China leads fight against AIDS

China leads fight against AIDS

World AIDS Day is a time when people around the world remember, rejoice and recommit to fighting for a cause. In China, many people, institutions, organisations and communities will do the same. On World AIDS Day, observed on Dec 1 every year, we remember the millions of people who have lost their lives to AIDS.

But we can also rejoice at the incredible progress we have made together. Thanks to our joint efforts, new HIV infections globally have dropped almost 40 per cent since 2001, and AIDS-related deaths have fallen by 35 per cent since their peak in 2005.

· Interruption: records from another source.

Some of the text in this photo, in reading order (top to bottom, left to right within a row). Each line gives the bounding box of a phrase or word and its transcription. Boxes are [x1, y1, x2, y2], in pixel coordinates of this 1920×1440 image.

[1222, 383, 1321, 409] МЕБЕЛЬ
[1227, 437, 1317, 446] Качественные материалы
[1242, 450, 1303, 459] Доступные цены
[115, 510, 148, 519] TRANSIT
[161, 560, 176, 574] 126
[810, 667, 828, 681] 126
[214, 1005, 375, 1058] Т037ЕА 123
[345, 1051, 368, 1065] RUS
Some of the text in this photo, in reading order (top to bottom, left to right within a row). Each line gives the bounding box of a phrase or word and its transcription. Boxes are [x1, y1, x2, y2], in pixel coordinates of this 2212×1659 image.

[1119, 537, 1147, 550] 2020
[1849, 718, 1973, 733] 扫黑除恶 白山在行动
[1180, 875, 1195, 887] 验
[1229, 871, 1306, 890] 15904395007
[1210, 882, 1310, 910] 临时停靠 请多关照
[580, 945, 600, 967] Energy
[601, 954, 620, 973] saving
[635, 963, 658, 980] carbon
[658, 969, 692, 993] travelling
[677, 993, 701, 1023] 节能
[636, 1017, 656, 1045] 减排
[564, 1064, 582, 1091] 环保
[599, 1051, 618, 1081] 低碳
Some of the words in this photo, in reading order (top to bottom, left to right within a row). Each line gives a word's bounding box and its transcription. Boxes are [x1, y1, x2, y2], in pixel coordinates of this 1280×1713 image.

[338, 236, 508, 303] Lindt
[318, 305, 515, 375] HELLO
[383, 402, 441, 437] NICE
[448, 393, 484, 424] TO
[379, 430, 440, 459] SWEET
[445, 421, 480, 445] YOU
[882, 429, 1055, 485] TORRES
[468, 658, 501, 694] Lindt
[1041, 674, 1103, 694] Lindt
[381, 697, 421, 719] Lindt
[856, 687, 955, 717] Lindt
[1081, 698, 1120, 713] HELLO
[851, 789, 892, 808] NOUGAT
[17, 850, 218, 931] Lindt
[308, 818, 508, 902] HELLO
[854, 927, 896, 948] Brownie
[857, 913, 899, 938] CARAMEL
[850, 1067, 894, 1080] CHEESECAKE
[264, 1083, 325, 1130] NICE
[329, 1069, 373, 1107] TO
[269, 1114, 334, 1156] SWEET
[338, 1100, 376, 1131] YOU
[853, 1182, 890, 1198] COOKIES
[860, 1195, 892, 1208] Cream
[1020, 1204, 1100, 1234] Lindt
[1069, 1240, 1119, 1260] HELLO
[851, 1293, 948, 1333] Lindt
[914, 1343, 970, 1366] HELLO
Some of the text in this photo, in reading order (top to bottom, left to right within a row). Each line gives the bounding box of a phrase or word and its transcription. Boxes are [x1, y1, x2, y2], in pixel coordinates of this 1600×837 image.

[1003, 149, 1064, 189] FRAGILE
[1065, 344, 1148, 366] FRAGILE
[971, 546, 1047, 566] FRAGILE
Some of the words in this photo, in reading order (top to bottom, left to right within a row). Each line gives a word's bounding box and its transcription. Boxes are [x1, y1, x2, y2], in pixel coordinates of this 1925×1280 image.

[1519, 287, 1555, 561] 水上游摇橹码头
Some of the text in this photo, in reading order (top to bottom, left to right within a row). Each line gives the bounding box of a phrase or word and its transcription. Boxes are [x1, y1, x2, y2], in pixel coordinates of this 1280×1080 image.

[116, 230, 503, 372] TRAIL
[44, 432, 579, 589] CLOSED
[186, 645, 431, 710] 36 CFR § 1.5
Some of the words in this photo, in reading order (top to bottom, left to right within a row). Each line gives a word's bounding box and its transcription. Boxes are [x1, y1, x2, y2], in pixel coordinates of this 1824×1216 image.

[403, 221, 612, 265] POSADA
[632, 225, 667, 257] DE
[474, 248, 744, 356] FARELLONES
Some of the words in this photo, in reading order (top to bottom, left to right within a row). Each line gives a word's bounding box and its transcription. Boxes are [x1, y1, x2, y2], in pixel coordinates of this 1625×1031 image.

Now, some 30 years since the virus first made headlines, we are making news of a different sort. There is growing consensus that we can end the AIDS epidemic as a public health threat by 2030 by scaling up interventions which have proved highly effective.

If we act with speed, focus and determination we can avert 28 million new HIV infections and 21 million AIDS-related deaths by 2030.

This new hope makes it all the more important for countries and communities to recommit and redouble their efforts to eradicate this epidemic which has devastated so many lives. China as a world leader can lead the way.

China's influence is increasingly seen in many areas, including economics, politics, culture and development cooperation.

The country is an innovator when it comes to health, making large investments in infrastructure and providing crucial services to the most remote areas of the country and even halfway around the globe in several African countries.

More than a decade ago, China began extending universal healthcare to its citizens, and free HIV testing and treatment very soon became part of the package. The approach to inclusion and leaving no one behind is speeding up social transformation in the country and helping African countries to do the same.

Over the years, HIV programming has responded to the epidemic by investing significant financial and human resources in all regions of China, resulting in better health for everyone. Efforts to address HIV transmission through blood and blood products have been successful.

Last year, 110 million people tested for HIV. In addition, millions of condoms were distributed among key groups, including female sex workers and their clients, and men who have sex with men.

China's antiretroviral therapy programme for people living with HIV/AIDS has been significantly scaled up with more than a quarter of a million people currently on treatment.

And the country has pioneered the innovative "Test and Treat" programme for key groups which makes treatment available to people who test HIV positive as soon as possible, regardless of their immune status.

The widespread availability of antiretroviral treatment for HIV positive people has led to a decrease in mortality and a reduction in mother-to-child transmission rates.

But, to quote Nelson Mandela, "After climbing a great hill, we find that there are many more hills to climb."

In spite of the hard work that has gone into the programming, data tell us that China still has lots more to do.

As in a lot of other countries, HIV services in China still do not consistently reach some people. Key groups including gay men and other men who have sex with men, transgender people, and people who buy and sell sex are at higher risk of contracting HIV and need to access effective prevention and treatment services.

While China has used its public health infrastructure effectively in delivering services to some of its most populous cities and some of the furthest regions, there is a need to tailor the services to meet the needs of key groups and expand community-based testing and treatment approaches.

Health workers and public officials need to create an environment that encourages people who are hard to reach and their families to voluntarily access key services.

Strong commitment from China's top leadership has led to a big expansion in the domestic funding for AIDS response and the country has moved into a position of complete self-sufficiency. However, it is clear that health financing is no longer just about money.

China needs to increasingly go beyond its initial success in the roll-out of large-scale HIV programs and focus on "how" to reach people who are currently falling through the cracks and all too often not accessing life-saving prevention, treatment and care services.

China's reflections on how to reduce costs and innovations in its health system will benefit many people, and the country can demonstrate how strategic approaches to spending can move the world toward ending the AIDS epidemic.

UNAIDS vision for ending AIDS as a public health threat by 2030 can be a reality in China and the lessons learnt from China can re-engineer HIV efforts across the world.

The author is UNAIDS country director, China.